In 1943, Saenz and Wayne separated. They divorced in 1945. She married Los Angeles businessman Cyril Nigg in 1966 and remained married to him until his death in 1998. Saenz died of cancer in Hollywood on June 24, 2003, at the age of 95.
Wayne Meets Esperanza Baur
Wayne and Josie were still married when Wayne met the woman who would become his second wife, Mexican actress Esperanza Baur Díaz. Born Esperanza Díaz Ceballos, nicknamed “Chata”, she appeared in a small number of Spanish language films, both in leading and supporting roles.

Esperanza met John Wayne in 1941 in Mexico City while he was vacationing there. Esperanza and John were married on January 17, 1946, in Long Beach, California, but things were rocky from the start.
Wayne Denies Affair With Gail Russell
Chata was reportedly jealous of Wayne’ devotion to his work and four children. They had no children of their own. Esperanza accused Wayne of having an affair with Gail Russell, his leading lady in Angel and the Badman, which he denied. There were charges and countercharges of unfaithfulness, drunken violence, emotional cruelty, and “clobbering.”

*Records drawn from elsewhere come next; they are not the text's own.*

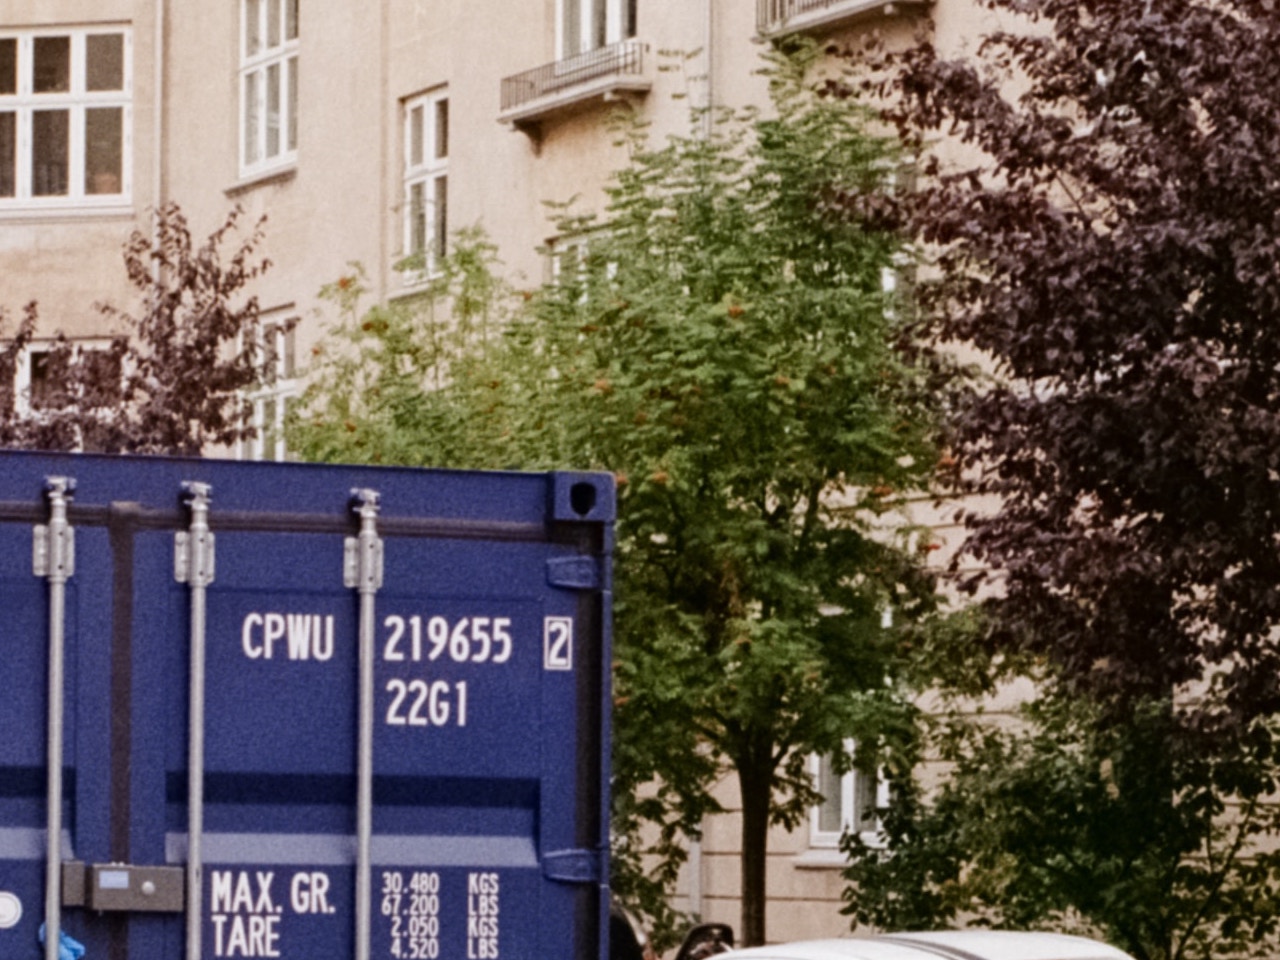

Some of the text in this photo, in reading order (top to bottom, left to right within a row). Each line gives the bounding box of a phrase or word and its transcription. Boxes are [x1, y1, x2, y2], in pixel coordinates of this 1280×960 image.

[242, 613, 569, 666] CPWU 219655 2
[386, 679, 467, 726] 22G1
[211, 871, 336, 914] MAX. GR.
[382, 872, 499, 894] 30.480 KGS
[381, 895, 499, 916] 67.200 LBS
[211, 915, 280, 957] TARE
[390, 916, 499, 937] 2.050 KGS
[390, 938, 499, 959] 4.520 LBS

Wayne described his wife as a “drunken partygoer” who would fall down and then accuse him of pushing her. Esperanza was suspected of having an affair with hotel heir Nicky Hilton (who went on to become Liz Taylor’s first husband) during their divorce proceedings.
Chata Greets Hubby With a Gun
Chata realized that Wayne was cheating on her just as he had cheated on his first wife, Josephine. But Chata was more volatile. When Wayne arrived home late and drunk one night, Chata greeted him at the door with a gun and nearly shot him.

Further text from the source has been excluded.